The new economic initiatives include $16.6 million to strengthen linkages with India’s key policy and finance institutions and $8.9 million to support enhanced business engagement and an increased Austrade presence in India.
In an online meeting between Prime Ministers Scott Morrison and Narendra Modi, Australia also committed $17 million to extend the Australia-India Strategic Research Fund; $36 million for a Green Steel Partnership, a Critical Minerals Research Partnership, and a contribution to the International Energy Agency for clean energy; $25 million to expand the Australian Space Agency’s cooperation; and $28 million to launch a Centre for Australia-India Relations to deepen community ties.
Tehan said the government remained committed to the ambitions in the 2018 India Economic Strategy just as the Labor Opposition has notably started to target lack of progress on the strategy as a failure of foreign policy.
He said: “The Update represents a five-year action plan that responds to the evolving opportunities for both countries, building on Australia’s traditional strengths and forging new partnerships in emerging areas of cooperation such as critical minerals; cyber and critical technology; science and innovation.”
In a third arm to the latest pre-election boost to engagement, acting Education Minister Stuart Robert announced that Australia and India would establish a taskforce to advance mutual recognition of qualifications although there were few details on how this would occur.
And rounding out the renewed India focus, a new report Australia’s Indian Diaspora: A National Asset highlights how this community is the fastest growing large diaspora and the Indian-born population could reach 1.07 million by 2035.

Source: Australia’s Indian Diaspora
BUDGETTING TO AID
Tuesday’s Federal Budget was all about household assistance before the election, although the defence and cyber security spending underline how national security will be a constant election campaign theme.

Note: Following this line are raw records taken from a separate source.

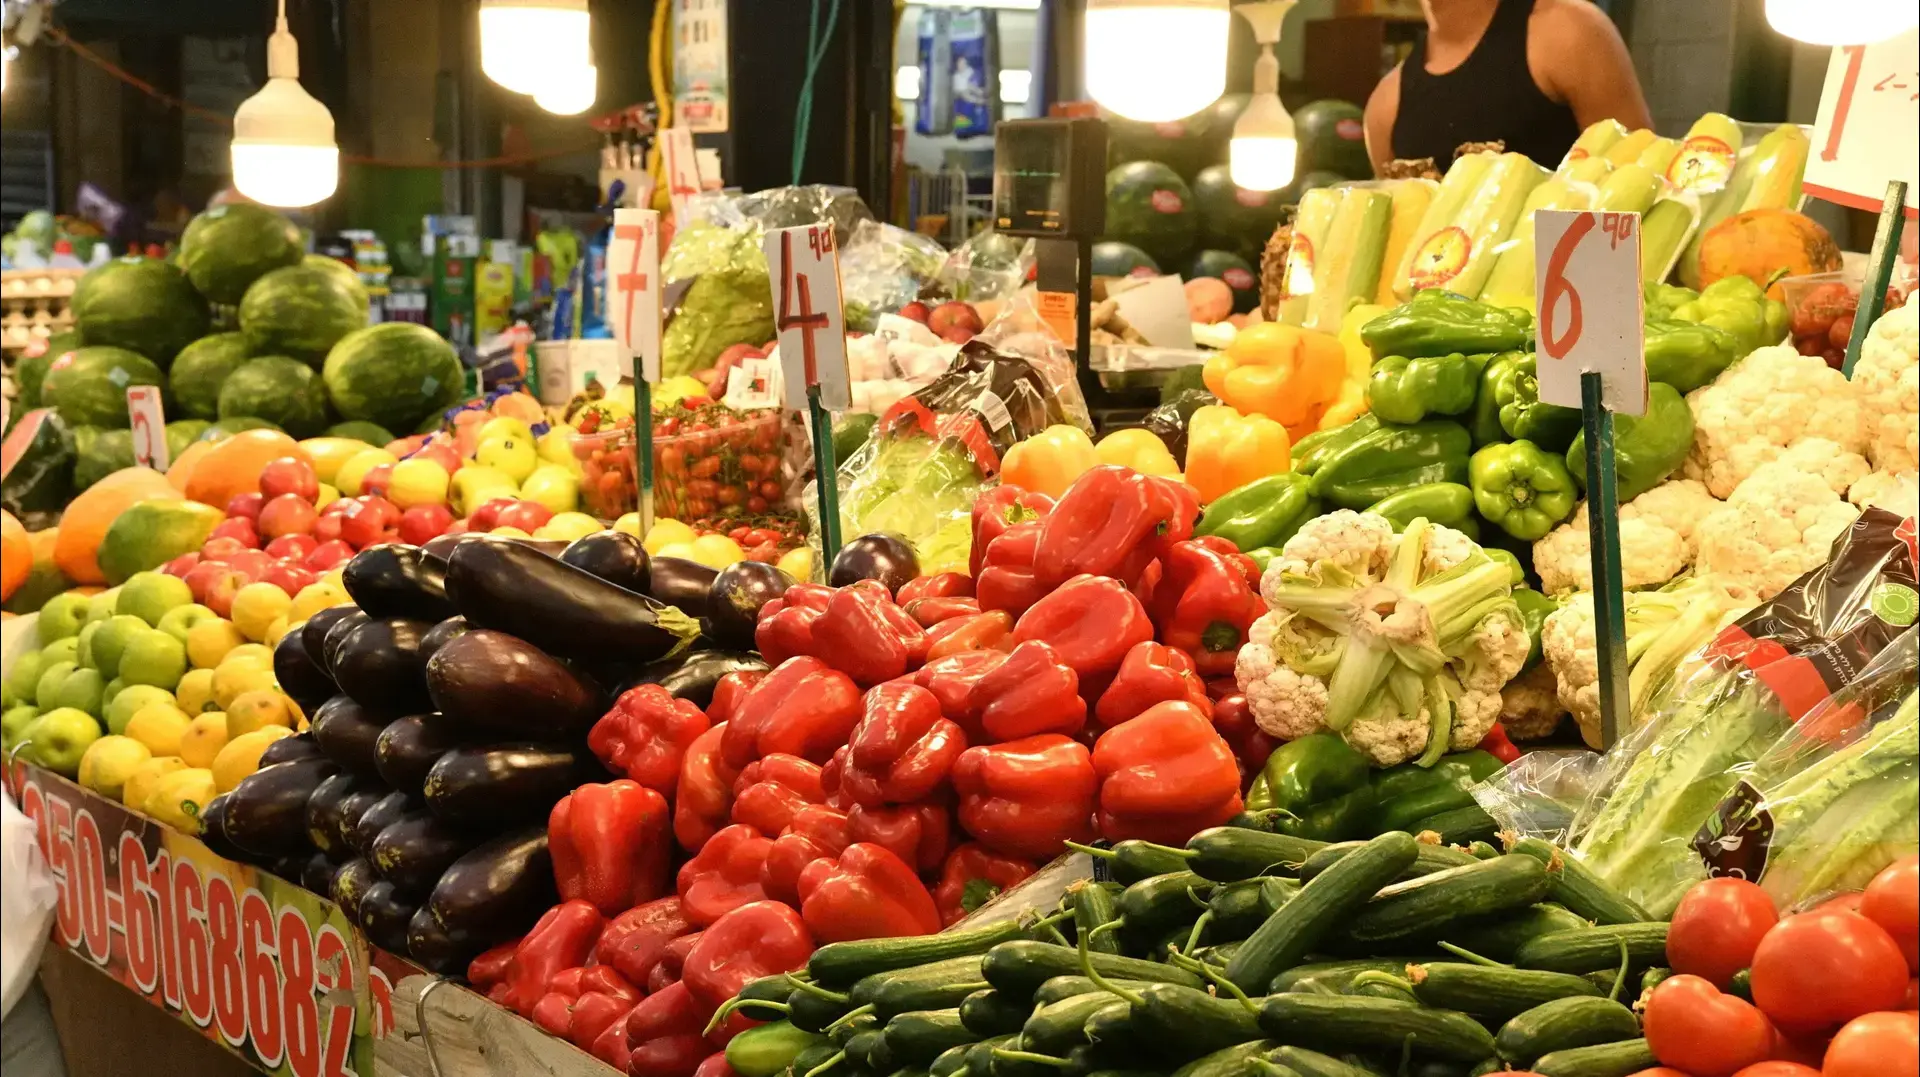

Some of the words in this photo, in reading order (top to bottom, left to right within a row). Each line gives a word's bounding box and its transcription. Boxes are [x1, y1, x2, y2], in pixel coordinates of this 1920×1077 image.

[615, 225, 647, 349] 7
[778, 230, 829, 386] 4
[808, 226, 833, 261] 90
[1541, 212, 1596, 360] 6
[1603, 213, 1634, 251] 90

But in other Asia-related measures in development aid, the government has restored inflation indexing to aid spending for the first time since it came to power and once again provided a “temporary” increase for the third year in a row to deal with the impact of the pandemic in the region.
The bottom next financial year will be $1.85 billion plus about $340 million temporary aid for the Pacific; $1.15 billion plus $114 million temporary spending for Southeast Asia; $305 million for south and west Asia (not including the India boost above); and $1.16 billion for other countries and global programs.
The Pacific special spending includes support for aviation, food security and extension of the Pacific Australia TV service. A new High Commission in Honiara costing $65 million has also been confirmed just as new tensions are breaking out with the Solomon Islands government over China.
The special spending in Southeast Asia is described as economic, development and security measures which sounds like alignment with various previously announced measures in the de facto “step back” to this region over the past two years after significant aid cutting earlier.
This increase in aid this year is unlikely to stop Australia’s slide down the list of global aid donors to the point where it contributes only 0.2 per cent of GDP to aid compared with a global benchmark target of 0.7 per cent.
However, in another sign of how aid priorities are changing, the more notable Budget change was a doubling of the lending capability of the Australian Infrastructure Financing Facility for the Pacific (AIFFP) from $1.5 billion to $3 billion, plus the pre-existing $500 million grant money.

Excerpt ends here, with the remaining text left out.